Lawn thought about that for some time. Then she shook her head. “She’s too conventional. Besides, Pat wouldn’t have asked her to—not after he’d actually seen for himself that she was really and truly married to somebody else. Pat’s a poet, really, but he’s the soul of honor.”
“Too honorable to hold a successful rival under water until he drowned, at any rate?” Miss Withers nodded. “By the way, I almost forgot to ask. Just what was the final autopsy report?”
“What everyone expected. The autopsy surgeon backed up everything that Harry Radebaugh had diagnosed Saturday night, just after it happened. Huntley died from something called ‘syncope,’ which means he strangled all at once, from shock.”
“Did you testify?”
“Just about the snag at the bottom of the pool. I don’t know how much stock they put in what I said. I tried to point out some other things to them, but they cut me off short. I guess they thought I was just trying to protect my sister and her guilty lover, which is a laugh. The whole police theory in this case is ridiculous. Come on, I’ll prove it to you—”
Lawn leaped suddenly to her feet and drew Miss Withers out through the rear of the house, down the steps, across the patio, and down the path which led around the bathhouse. Before them lay the big concrete-lined hole in the ground which had once been the swimming pool, with only a few puddles of murky water at the bottom.
“It was here that they found him,” Lawn said, pointing towards a corner of the pool at the deep end, the widest part of the oval. Peering down, Miss Withers could see the exit of the drainpipe, and by squinting a little she fancied that she could make out the jagged bit of metal which had caught and held the body of Huntley Cairns.
“Dear, dear!” she said.
“Now, look, Miss Withers,” Lawn said abruptly. “Do you know how long a garden rake is?”
“When I was a girl,” the schoolteacher said, “there used to be a riddle about how long is a piece of string, but I forget the answer.”
“This is no riddle. Because garden rakes are all approximately the same length. Wait a minute.” The girl disappeared around the corner of the building and in a mo
ment was back with an ordinary rake. She held it erect on the tiles so that the teeth came almost but not quite to her forehead. “You see? They don’t make rakes any longer than this. The one the police took away as Exhibit A was just like this. And yet Pat is supposed to have murdered Huntley by holding him under with a rake, like this.”
Lawn took the tool to the edge of the swimming pool, reached down with it as far as she could. “You see? The pool was just ten feet deep here, and the rake handle is barely five. If you allow a couple of feet for the width of the body, then the murderer must still have reached down a good three feet into the water in order to hook Huntley’s shorts on to that projecting bit of metal.”
The schoolteacher inclined her head gravely. “Your mathematics seem correct,” she admitted.
“Well, then! Pat’s sleeves were only wet a little at the wrist when I let him out of that dressing room Saturday night. Jed Nicolet can testify to the same thing because he saw Pat in the bar only a little while later.”

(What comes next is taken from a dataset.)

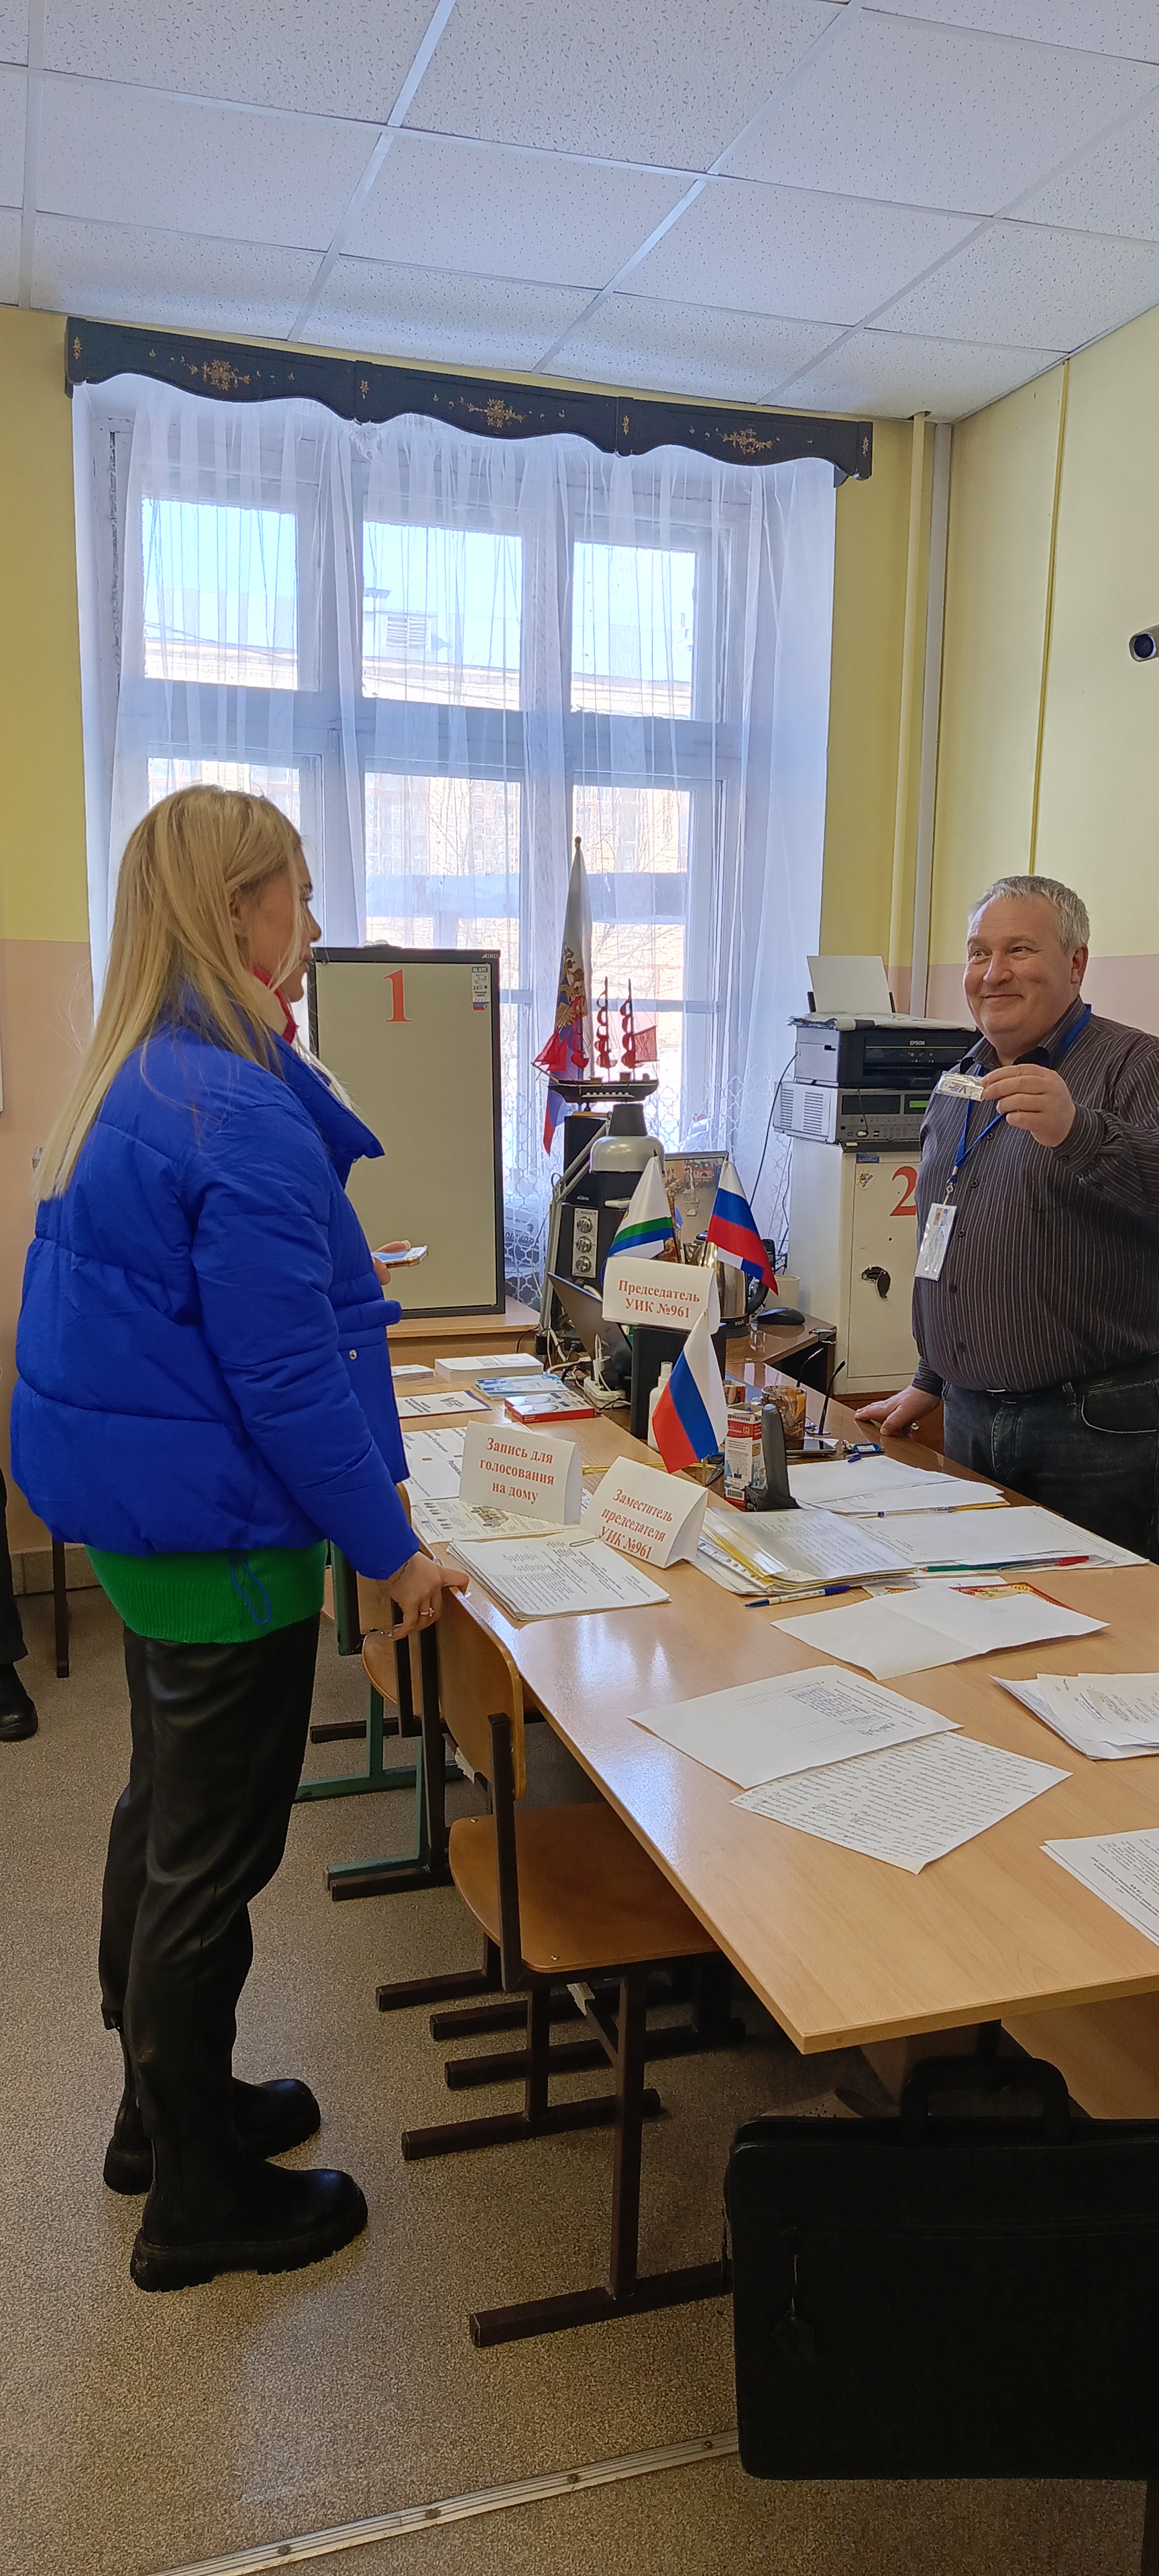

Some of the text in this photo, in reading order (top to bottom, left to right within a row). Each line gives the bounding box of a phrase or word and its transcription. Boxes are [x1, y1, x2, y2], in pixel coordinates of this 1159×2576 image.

“And how about Searles’s sleeves?”
“I didn’t see him. But it wouldn’t matter, even if he was dripping to the shoulder, because he did most of the work hauling the body out, remember. He must have had to reach down as far as he could to hook the rake—” She stopped, biting her lip. “What a grisly business this is!”
Miss Withers was inclined to agree with her. They headed back for the house by way of the toolshed so Lawn could replace the rake. The flagged path led them almost to the kitchen door, and then the schoolteacher stopped short, pointing a lean finger. “What’s that?”
Lawn hesitated. “It looks like Helen’s white bathing suit. I guess Beulah hung it out.”
“A little odd, isn’t it? I mean, the pool has been dry since yesterday morning, so she can’t have been swimming.” The schoolteacher looked at the brief lastex garment, made so form-fitting that it had to be laced like a football at either side, and noticed that the laces had been tied tight and then torn instead of being untied.
“Helen never takes any care of her things,” Lawn informed her. “I used to have to mend them for her, and now Beulah has to do it.”